**WORK ORDER**
Give the lines below again, exactly as they stand, and leave out the images.

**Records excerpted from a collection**
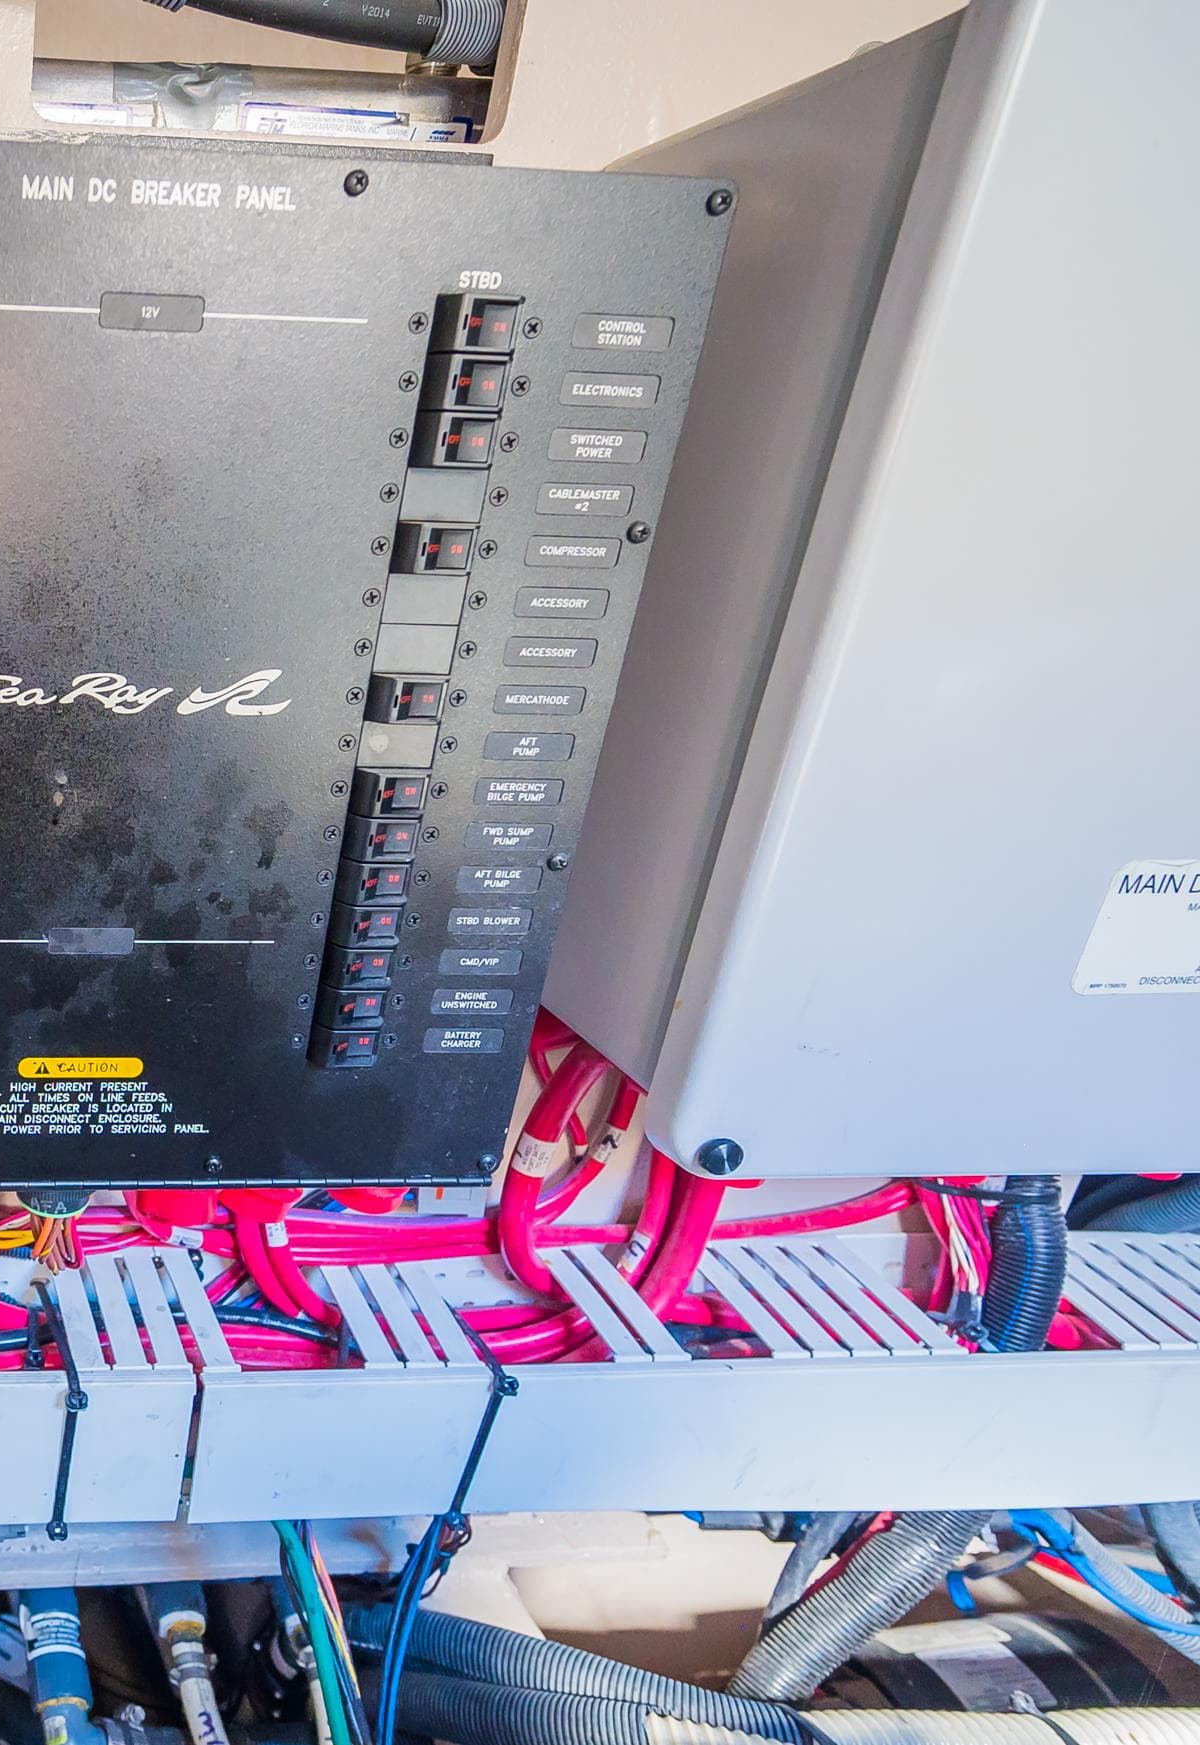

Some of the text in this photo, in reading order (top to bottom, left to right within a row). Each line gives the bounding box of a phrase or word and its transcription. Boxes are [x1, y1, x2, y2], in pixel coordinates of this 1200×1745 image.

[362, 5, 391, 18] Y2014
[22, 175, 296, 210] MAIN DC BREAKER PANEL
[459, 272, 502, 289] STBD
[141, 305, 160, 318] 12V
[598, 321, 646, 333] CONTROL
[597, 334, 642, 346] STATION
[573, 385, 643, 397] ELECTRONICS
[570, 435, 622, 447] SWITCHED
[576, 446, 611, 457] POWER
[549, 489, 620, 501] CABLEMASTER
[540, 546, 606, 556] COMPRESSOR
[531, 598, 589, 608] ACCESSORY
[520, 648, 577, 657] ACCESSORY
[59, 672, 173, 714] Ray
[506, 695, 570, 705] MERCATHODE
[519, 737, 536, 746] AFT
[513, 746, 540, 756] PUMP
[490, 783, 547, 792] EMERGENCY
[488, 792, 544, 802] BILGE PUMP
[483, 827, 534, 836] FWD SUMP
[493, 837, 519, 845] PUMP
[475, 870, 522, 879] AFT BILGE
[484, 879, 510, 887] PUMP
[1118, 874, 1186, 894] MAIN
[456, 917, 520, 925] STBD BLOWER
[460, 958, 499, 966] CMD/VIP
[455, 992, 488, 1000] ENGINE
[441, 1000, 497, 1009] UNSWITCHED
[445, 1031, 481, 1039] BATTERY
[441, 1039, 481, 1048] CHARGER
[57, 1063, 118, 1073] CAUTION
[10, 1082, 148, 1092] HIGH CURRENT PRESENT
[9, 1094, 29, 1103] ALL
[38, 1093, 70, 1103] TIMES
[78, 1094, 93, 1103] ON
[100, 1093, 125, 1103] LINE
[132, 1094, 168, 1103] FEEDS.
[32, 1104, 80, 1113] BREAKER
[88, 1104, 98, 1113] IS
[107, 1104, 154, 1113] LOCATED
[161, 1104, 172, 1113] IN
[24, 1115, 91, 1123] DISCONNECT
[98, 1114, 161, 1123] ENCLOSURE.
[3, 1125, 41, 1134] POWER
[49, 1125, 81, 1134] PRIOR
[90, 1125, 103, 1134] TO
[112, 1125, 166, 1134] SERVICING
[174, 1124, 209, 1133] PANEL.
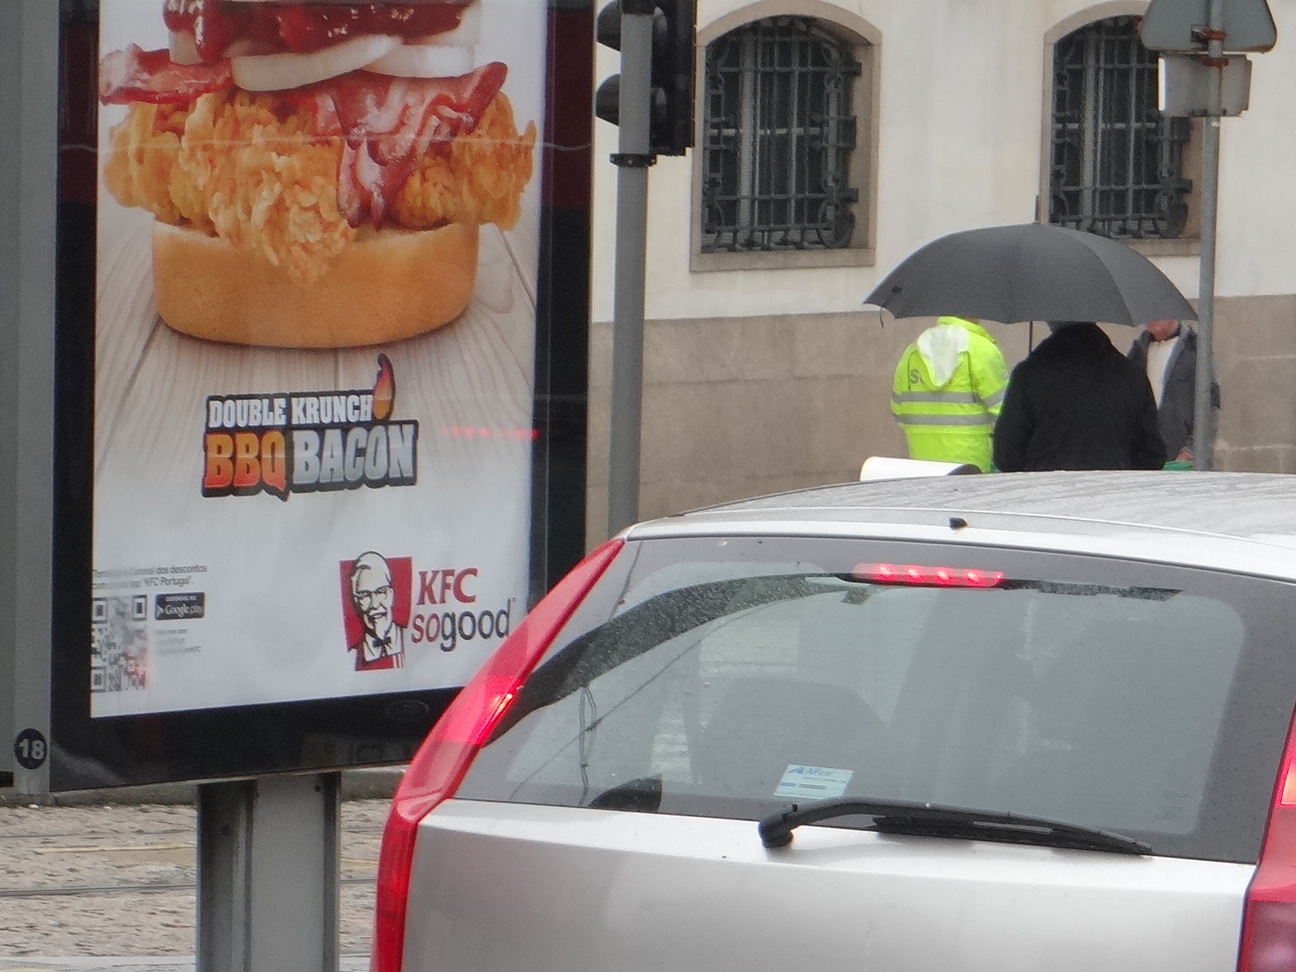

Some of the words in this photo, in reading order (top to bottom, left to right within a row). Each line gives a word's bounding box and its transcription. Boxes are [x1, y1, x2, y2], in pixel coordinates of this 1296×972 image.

**ANSWER TO THIS EXERCISE**
Some of the text in this photo, in reading order (top to bottom, left to right within a row). Each line gives the bounding box of a phrase or word and its transcription. Boxes are [x1, y1, x2, y2], in pixel coordinates of this 1200×1745 image.

[362, 5, 391, 18] Y2014
[22, 175, 296, 210] MAIN DC BREAKER PANEL
[459, 272, 502, 289] STBD
[141, 305, 160, 318] 12V
[598, 321, 646, 333] CONTROL
[597, 334, 642, 346] STATION
[573, 385, 643, 397] ELECTRONICS
[570, 435, 622, 447] SWITCHED
[576, 446, 611, 457] POWER
[549, 489, 620, 501] CABLEMASTER
[540, 546, 606, 556] COMPRESSOR
[531, 598, 589, 608] ACCESSORY
[520, 648, 577, 657] ACCESSORY
[59, 672, 173, 714] Ray
[506, 695, 570, 705] MERCATHODE
[519, 737, 536, 746] AFT
[513, 746, 540, 756] PUMP
[490, 783, 547, 792] EMERGENCY
[488, 792, 544, 802] BILGE PUMP
[483, 827, 534, 836] FWD SUMP
[493, 837, 519, 845] PUMP
[475, 870, 522, 879] AFT BILGE
[484, 879, 510, 887] PUMP
[1118, 874, 1186, 894] MAIN
[456, 917, 520, 925] STBD BLOWER
[460, 958, 499, 966] CMD/VIP
[455, 992, 488, 1000] ENGINE
[441, 1000, 497, 1009] UNSWITCHED
[445, 1031, 481, 1039] BATTERY
[441, 1039, 481, 1048] CHARGER
[57, 1063, 118, 1073] CAUTION
[10, 1082, 148, 1092] HIGH CURRENT PRESENT
[9, 1094, 29, 1103] ALL
[38, 1093, 70, 1103] TIMES
[78, 1094, 93, 1103] ON
[100, 1093, 125, 1103] LINE
[132, 1094, 168, 1103] FEEDS.
[32, 1104, 80, 1113] BREAKER
[88, 1104, 98, 1113] IS
[107, 1104, 154, 1113] LOCATED
[161, 1104, 172, 1113] IN
[24, 1115, 91, 1123] DISCONNECT
[98, 1114, 161, 1123] ENCLOSURE.
[3, 1125, 41, 1134] POWER
[49, 1125, 81, 1134] PRIOR
[90, 1125, 103, 1134] TO
[112, 1125, 166, 1134] SERVICING
[174, 1124, 209, 1133] PANEL.

Some of the words in this photo, in reading order (top to bottom, left to right within a row). Each line gives a word's bounding box and its transcription. Boxes are [x1, y1, x2, y2], in pixel coordinates of this 1296×972 image.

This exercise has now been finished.